(Task goal) Write out every record exactly as it appears. Skip the pictures.

(Exercise input)

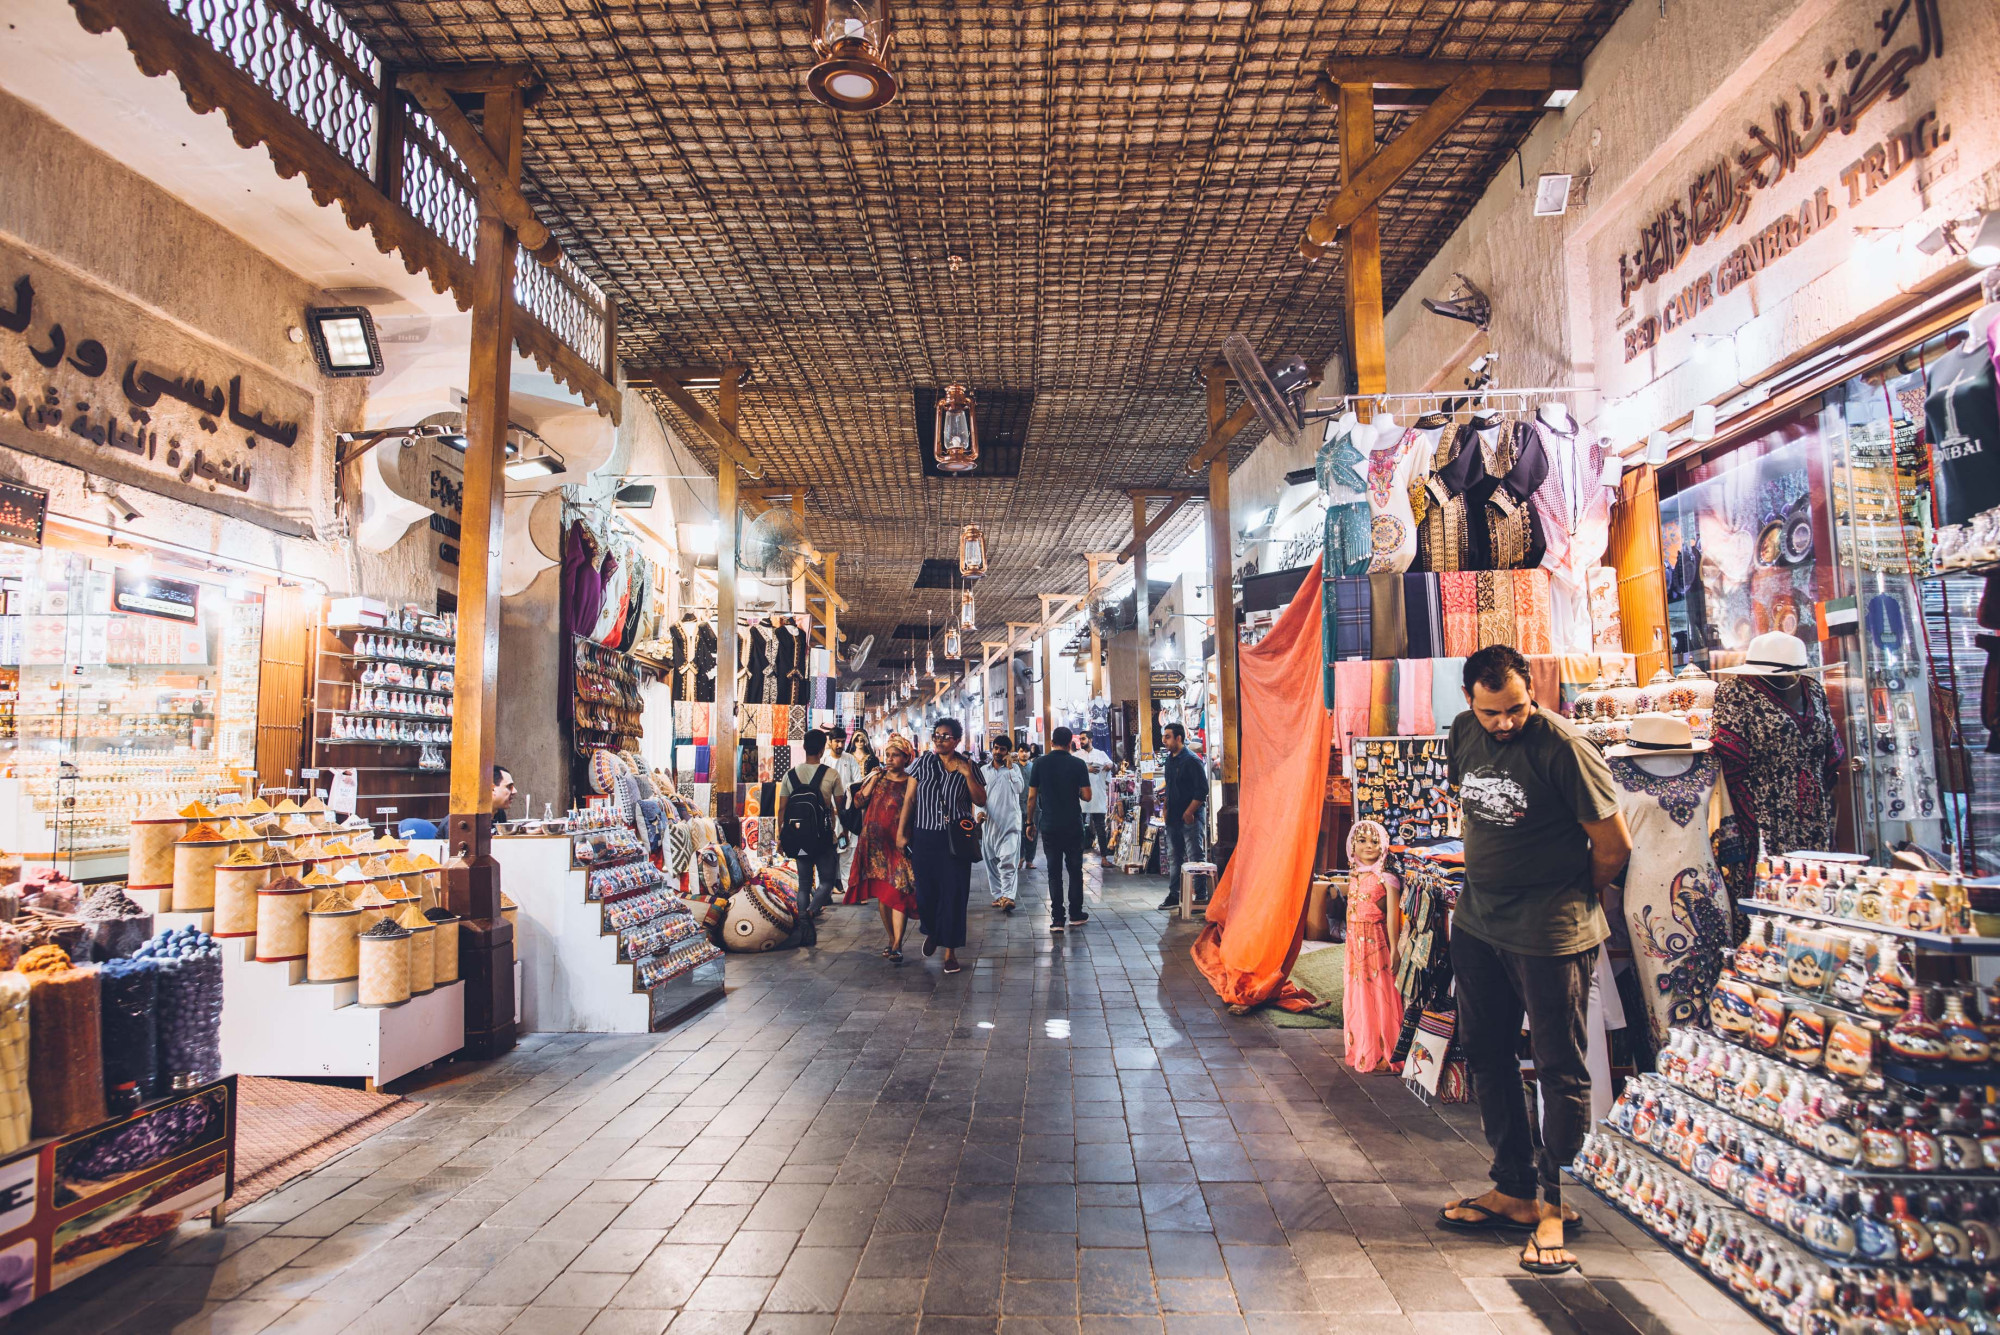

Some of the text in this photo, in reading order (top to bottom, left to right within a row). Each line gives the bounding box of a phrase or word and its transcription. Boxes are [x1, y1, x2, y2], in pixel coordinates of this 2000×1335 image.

[1624, 110, 1951, 364] RED CAVE GENERAL TRDG.
[70, 400, 157, 461] العامة
[1936, 438, 1983, 463] DUBAI
[260, 788, 284, 796] LEMON
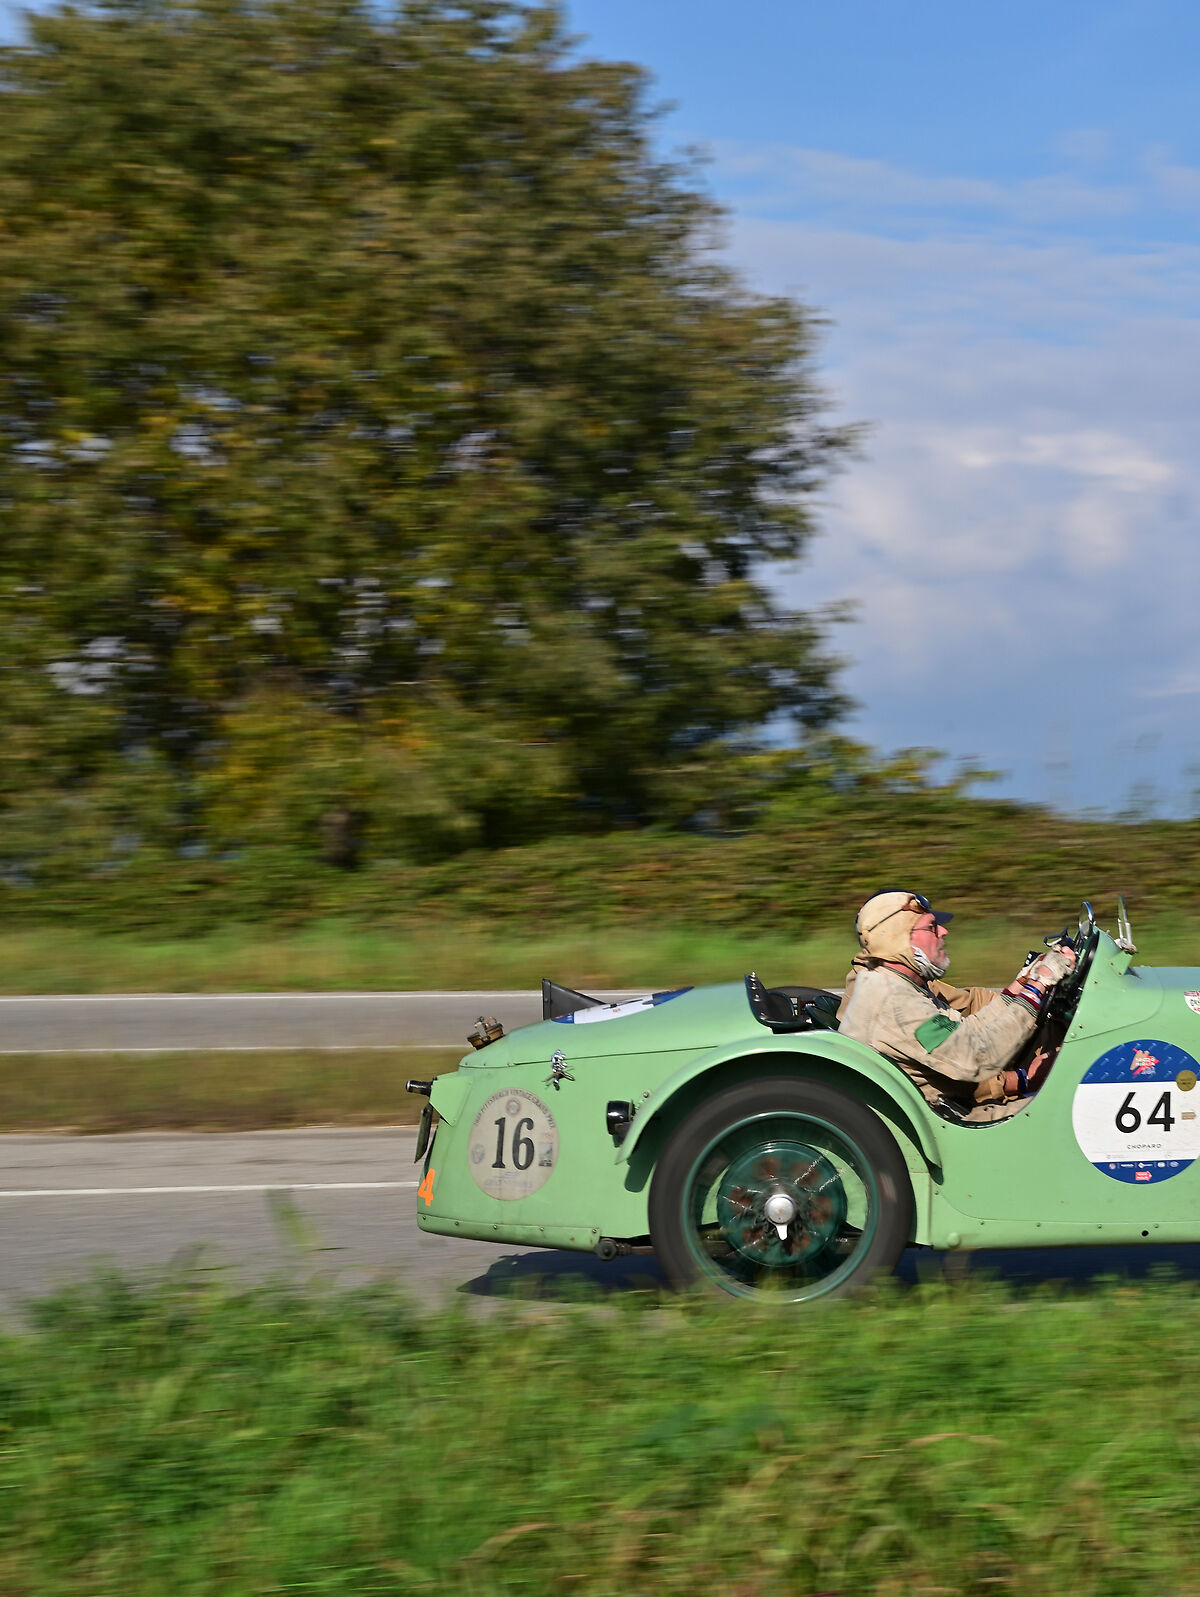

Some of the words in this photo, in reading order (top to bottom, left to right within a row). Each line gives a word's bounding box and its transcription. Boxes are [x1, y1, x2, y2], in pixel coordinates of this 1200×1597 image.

[1115, 1091, 1175, 1134] 64
[491, 1116, 535, 1171] 16
[417, 1168, 436, 1206] 4
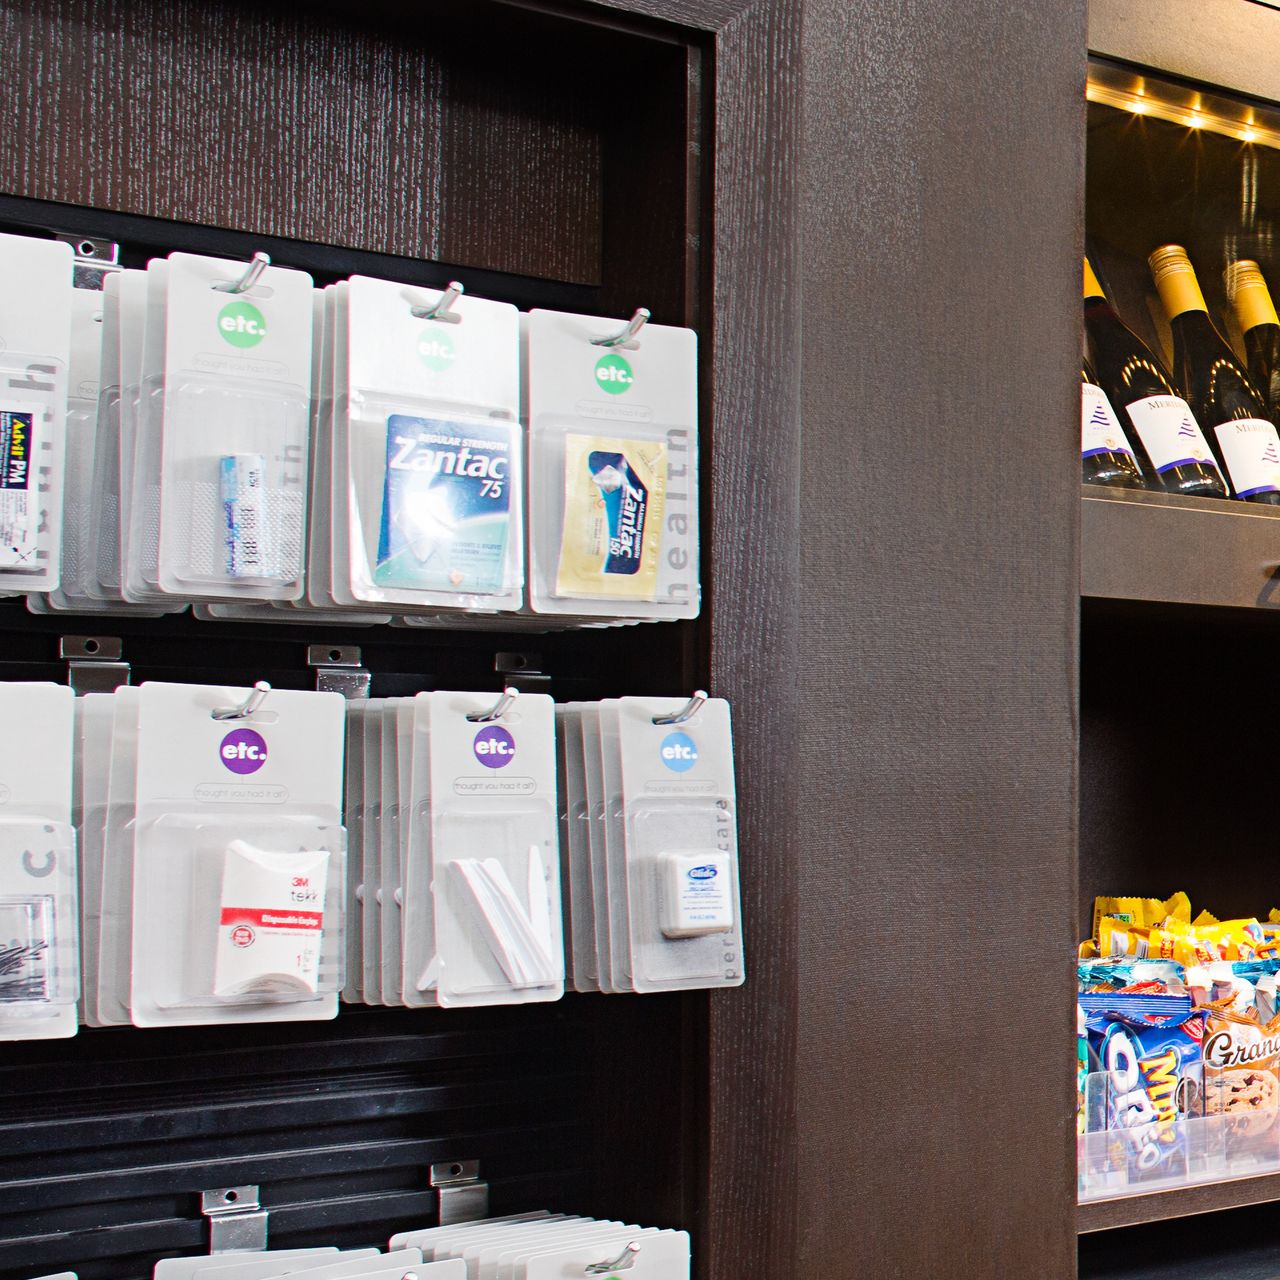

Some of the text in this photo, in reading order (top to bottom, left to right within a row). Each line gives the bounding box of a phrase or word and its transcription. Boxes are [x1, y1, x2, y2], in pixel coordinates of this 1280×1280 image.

[220, 315, 266, 336] etc.
[596, 366, 634, 384] etc.
[9, 418, 27, 484] Advil PM
[389, 436, 509, 480] Zantac
[479, 478, 503, 499] 75
[619, 486, 644, 559] Zantac
[222, 742, 267, 761] etc.
[475, 738, 516, 757] etc.
[662, 743, 698, 761] etc.
[1101, 1022, 1162, 1170] OREO
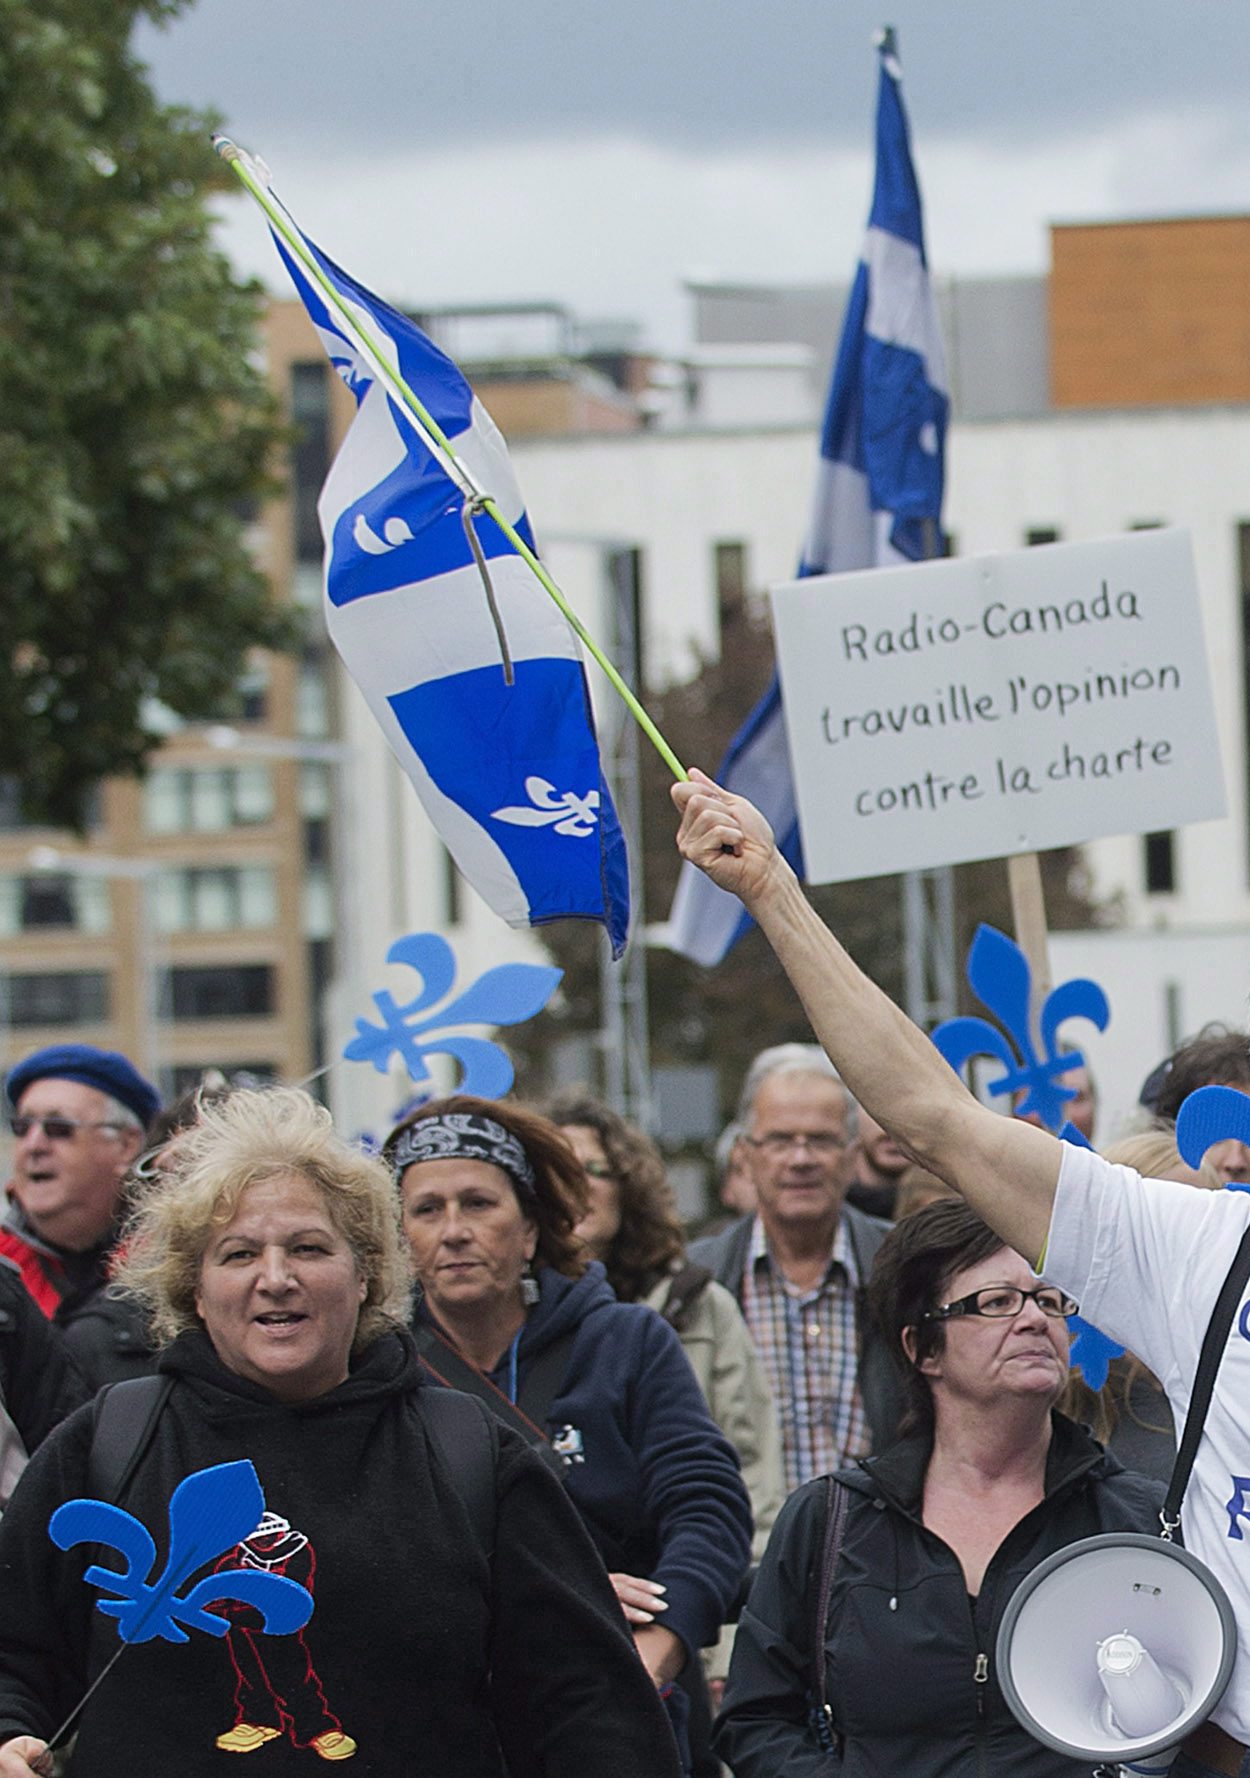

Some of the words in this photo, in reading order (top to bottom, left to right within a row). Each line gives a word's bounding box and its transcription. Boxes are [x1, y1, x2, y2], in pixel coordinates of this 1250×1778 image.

(Task response)
Some of the text in this photo, in reading order (top to bottom, left to right within a row). Each line gives the bounding box of a phrase or word and its transcription. Boxes are [x1, y1, x2, y2], in pixel coordinates of this 2000×1335 image.

[1624, 110, 1951, 364] RED CAVE GENERAL TRDG.
[70, 400, 157, 461] العامة
[1936, 438, 1983, 463] DUBAI
[260, 788, 284, 796] LEMON

Some of the words in this photo, in reading order (top to bottom, left to right within a row). Each line gives a word's bounding box and its transcription. Boxes are [x1, y1, x2, y2], in pixel coordinates of this 1200×1597 image.

[1115, 1091, 1175, 1134] 64
[491, 1116, 535, 1171] 16
[417, 1168, 436, 1206] 4

Some of the text in this photo, in reading order (top to bottom, left to right within a row). Each line gives the bounding box of a phrase or word and its transcription. Boxes are [x1, y1, x2, y2], in pixel coordinates of this 1280×1280 image.

[220, 315, 266, 336] etc.
[596, 366, 634, 384] etc.
[9, 418, 27, 484] Advil PM
[389, 436, 509, 480] Zantac
[479, 478, 503, 499] 75
[619, 486, 644, 559] Zantac
[222, 742, 267, 761] etc.
[475, 738, 516, 757] etc.
[662, 743, 698, 761] etc.
[1101, 1022, 1162, 1170] OREO

Some of the words in this photo, in reading order (top to bottom, left to right within a row). Each line gives a word's bounding box and its transcription. Boxes are [x1, y1, x2, y2], in pixel coordinates of this 1250×1778 image.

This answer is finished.